Dataset content.
━━━━━━━━━━━━━━━━━━━━
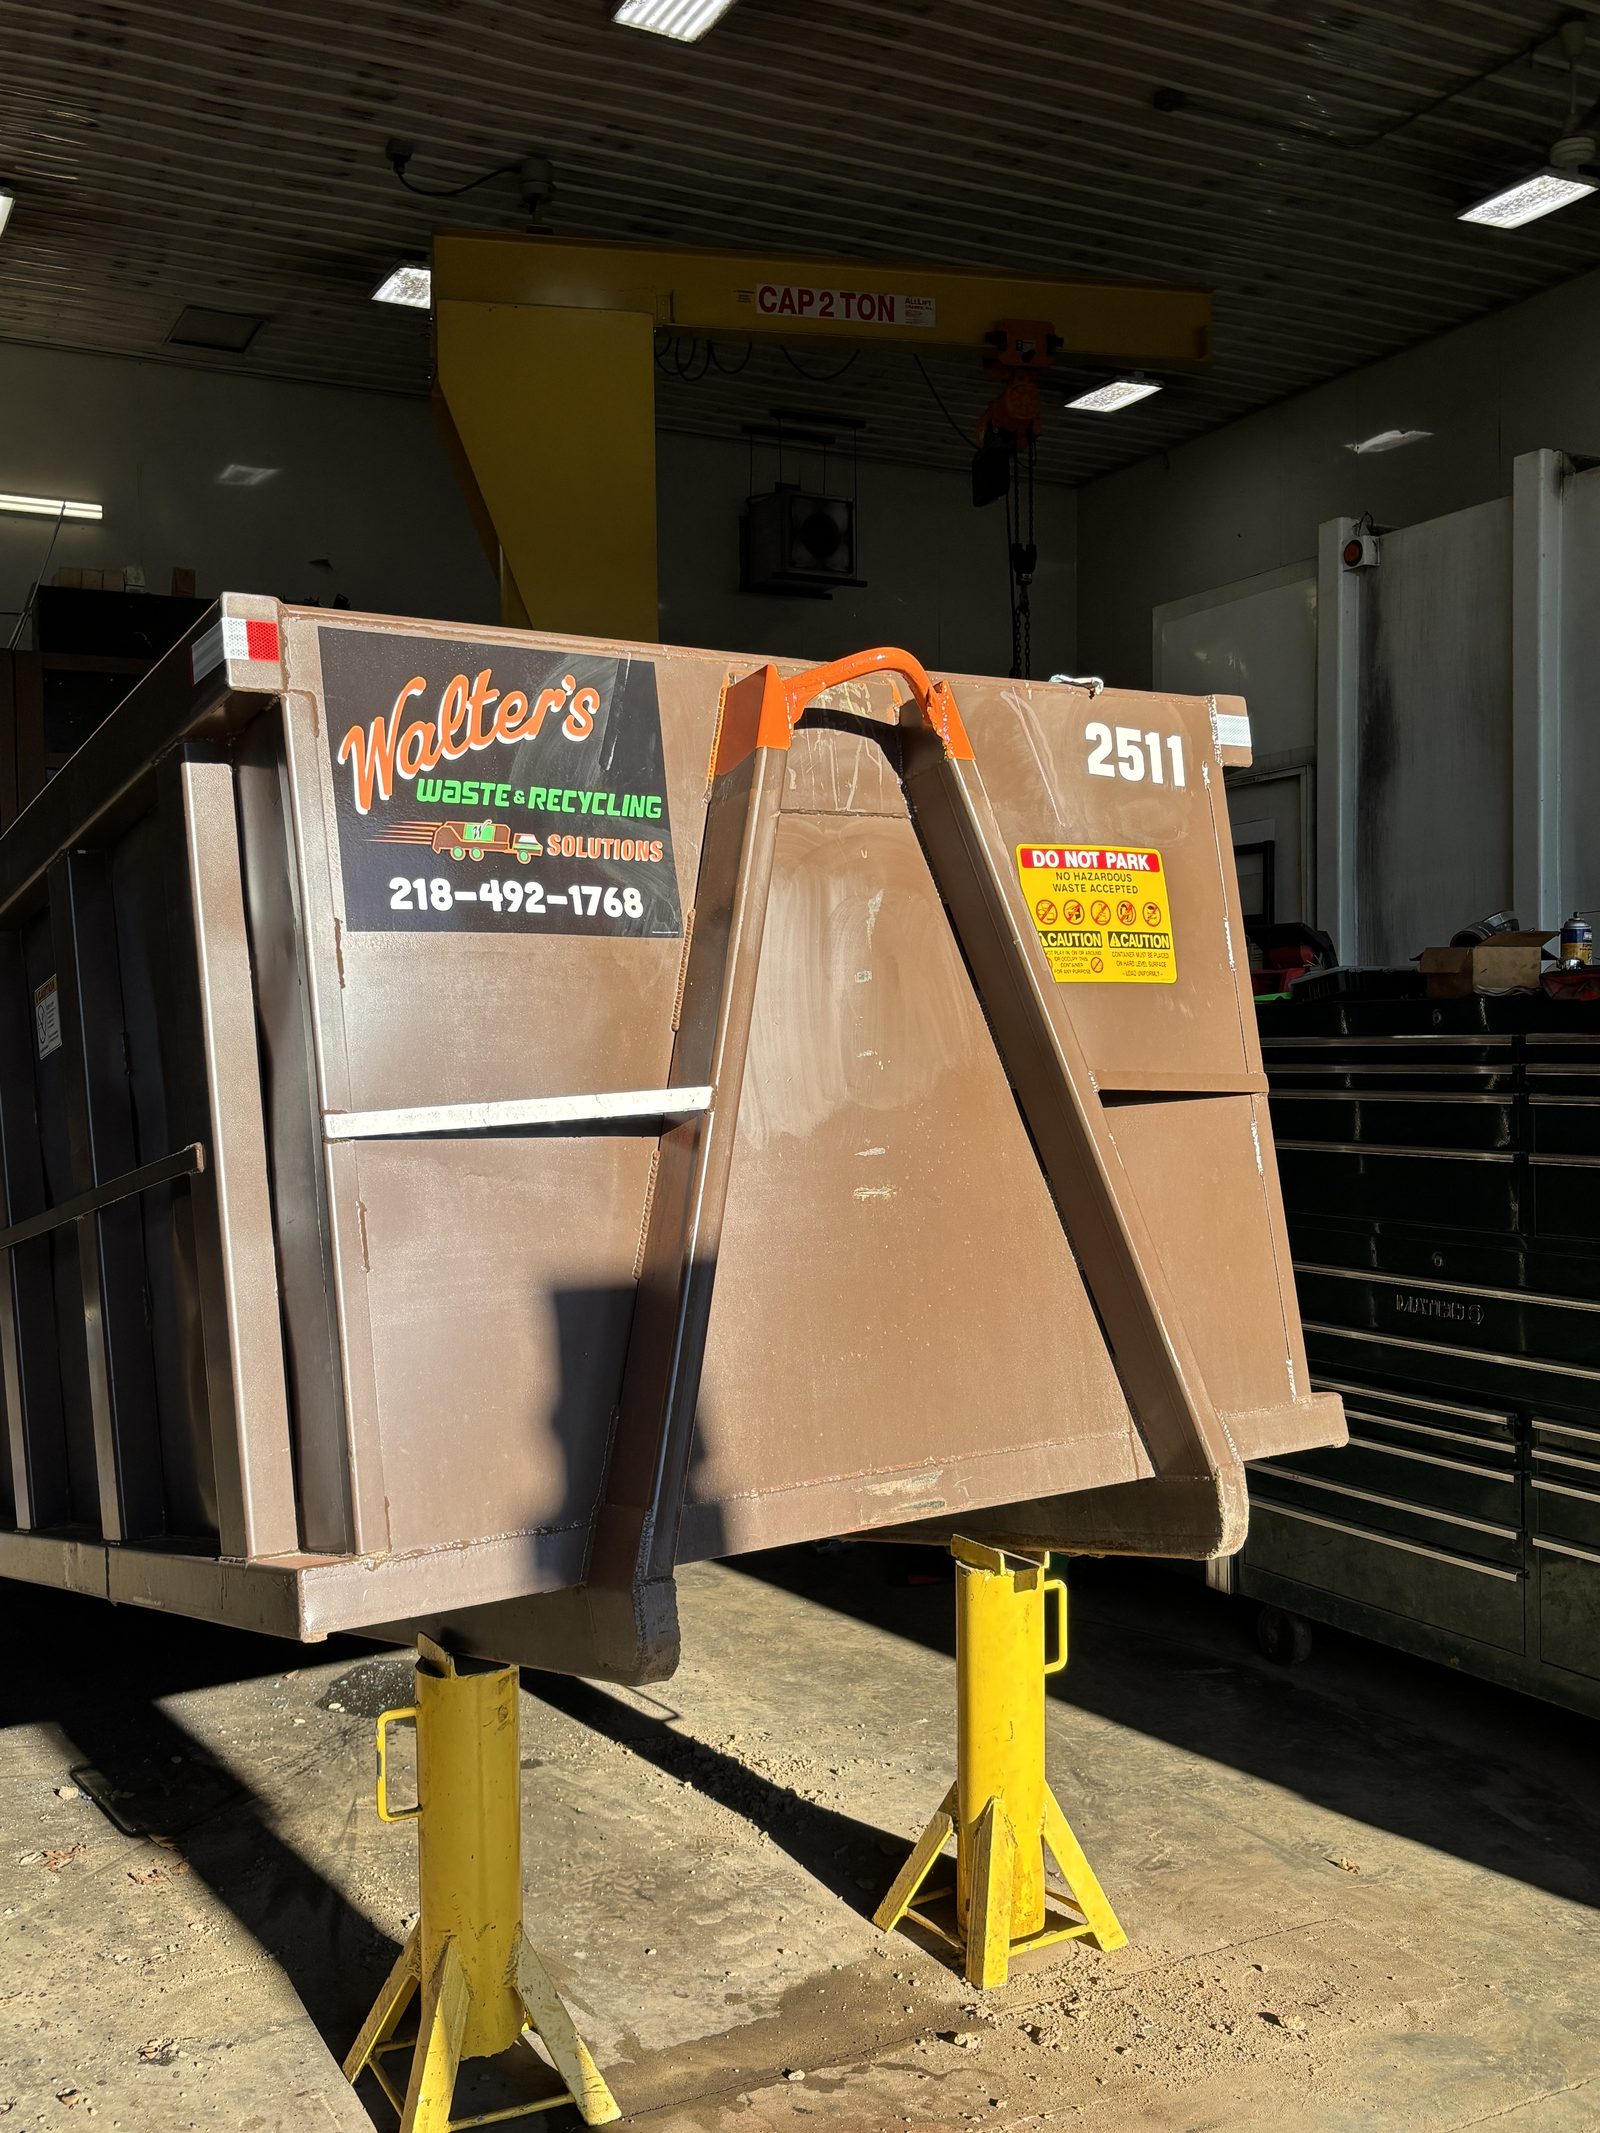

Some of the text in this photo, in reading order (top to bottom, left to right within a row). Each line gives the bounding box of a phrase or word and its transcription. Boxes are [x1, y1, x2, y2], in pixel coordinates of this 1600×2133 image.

[758, 286, 814, 315] CAP
[819, 291, 835, 318] 2
[839, 292, 895, 323] TON
[337, 668, 600, 815] Walter's
[1085, 722, 1186, 787] 2511
[416, 778, 663, 819] WASTE & RECYCLING
[547, 833, 664, 863] SOLUTIONS
[1031, 850, 1151, 871] DO NOT PARK
[1053, 883, 1139, 894] WASTE ACCEPTED
[1056, 872, 1133, 882] NO HAZARDOUS
[388, 877, 645, 919] 218-492-1768
[1047, 932, 1102, 947] CAUTION
[1120, 934, 1170, 949] CAUTION
━━━━━━━━━━━━━━━━━━━━
Exercise details.
Would you copy out all the data exactly, without the images?

Response to this exercise.
Some of the text in this photo, in reading order (top to bottom, left to right within a row). Each line gives the bounding box of a phrase or word and its transcription. Boxes are [x1, y1, x2, y2], in pixel coordinates of this 1600×2133 image.

[758, 286, 814, 315] CAP
[819, 291, 835, 318] 2
[839, 292, 895, 323] TON
[337, 668, 600, 815] Walter's
[1085, 722, 1186, 787] 2511
[416, 778, 663, 819] WASTE & RECYCLING
[547, 833, 664, 863] SOLUTIONS
[1031, 850, 1151, 871] DO NOT PARK
[1053, 883, 1139, 894] WASTE ACCEPTED
[1056, 872, 1133, 882] NO HAZARDOUS
[388, 877, 645, 919] 218-492-1768
[1047, 932, 1102, 947] CAUTION
[1120, 934, 1170, 949] CAUTION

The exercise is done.